#### Requirement
Could you transcribe the records below exactly, leaving out every picture?

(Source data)
★ ★ ★ ★ ★

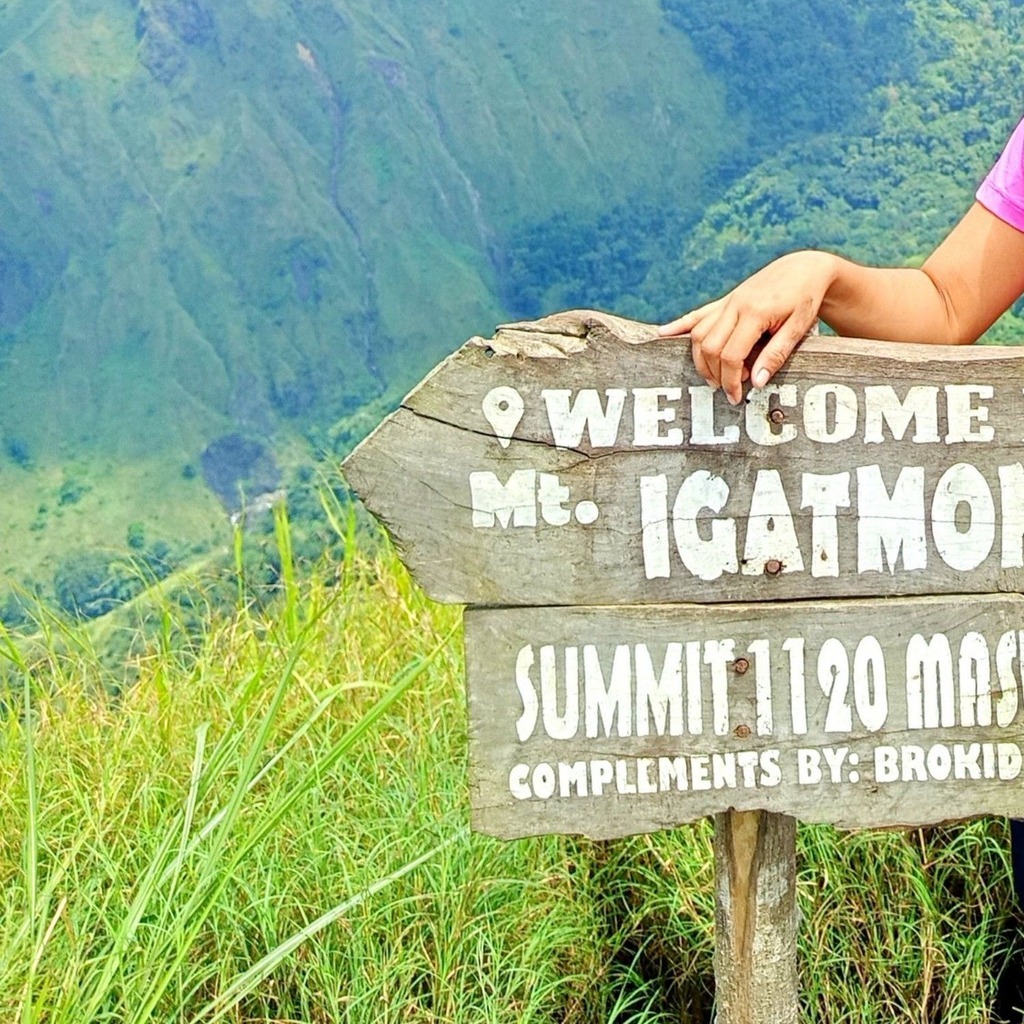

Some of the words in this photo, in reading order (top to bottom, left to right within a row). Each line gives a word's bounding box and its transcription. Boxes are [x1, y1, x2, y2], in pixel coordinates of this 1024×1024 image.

[541, 383, 995, 451] WELCOME
[469, 468, 600, 529] Mt.
[515, 637, 736, 742] SUMMIT
[746, 634, 888, 737] 1120
[508, 749, 782, 800] COMPLEMENTS
[797, 746, 860, 785] BY:
[873, 742, 1023, 783] BROKID
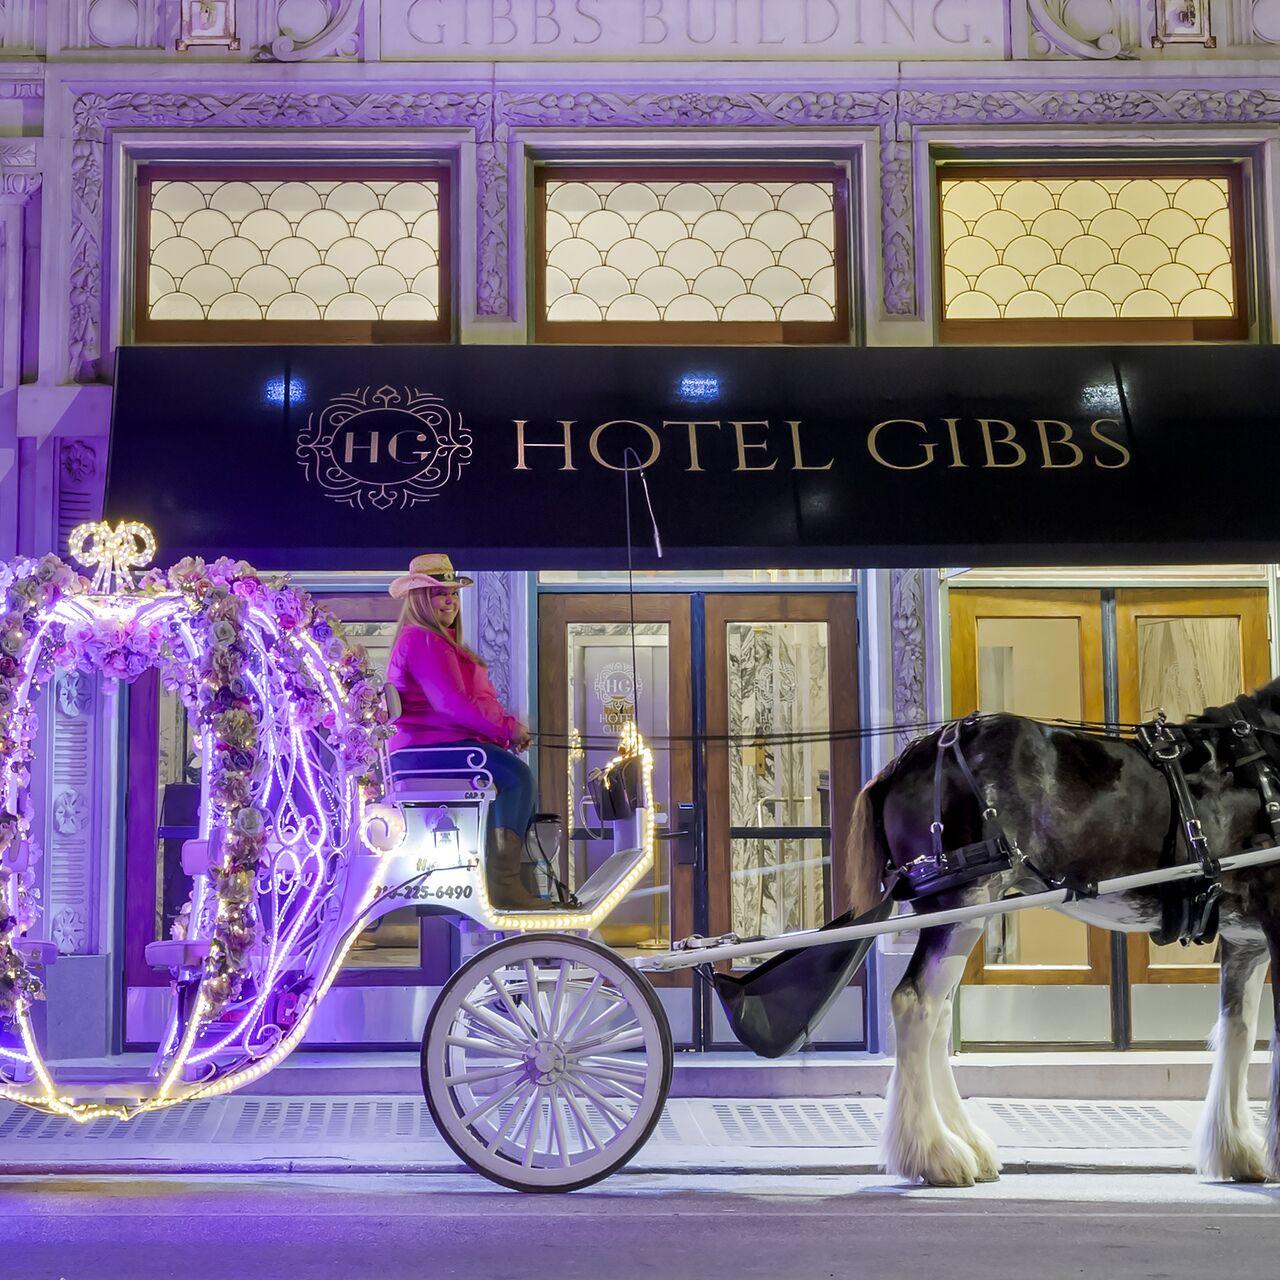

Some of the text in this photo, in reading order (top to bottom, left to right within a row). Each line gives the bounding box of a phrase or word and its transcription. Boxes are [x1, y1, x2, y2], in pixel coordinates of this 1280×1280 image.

[344, 429, 432, 465] HG
[512, 417, 1131, 471] HOTEL GIBBS
[606, 679, 632, 693] HG

★ ★ ★ ★ ★

#### Answer box
Some of the words in this photo, in reading order (top to bottom, left to right within a row). Each line gives a word's bounding box and its transcription. Boxes are [x1, y1, x2, y2], in pixel coordinates of this 1024×1024 image.

[541, 383, 995, 451] WELCOME
[469, 468, 600, 529] Mt.
[515, 637, 736, 742] SUMMIT
[746, 634, 888, 737] 1120
[508, 749, 782, 800] COMPLEMENTS
[797, 746, 860, 785] BY:
[873, 742, 1023, 783] BROKID

Some of the text in this photo, in reading order (top to bottom, left to right within a row). Each line gives the bounding box of a phrase or word and its transcription. Boxes are [x1, y1, x2, y2], in pixel coordinates of this 1280×1280 image.

[344, 429, 432, 465] HG
[512, 417, 1131, 471] HOTEL GIBBS
[606, 679, 632, 693] HG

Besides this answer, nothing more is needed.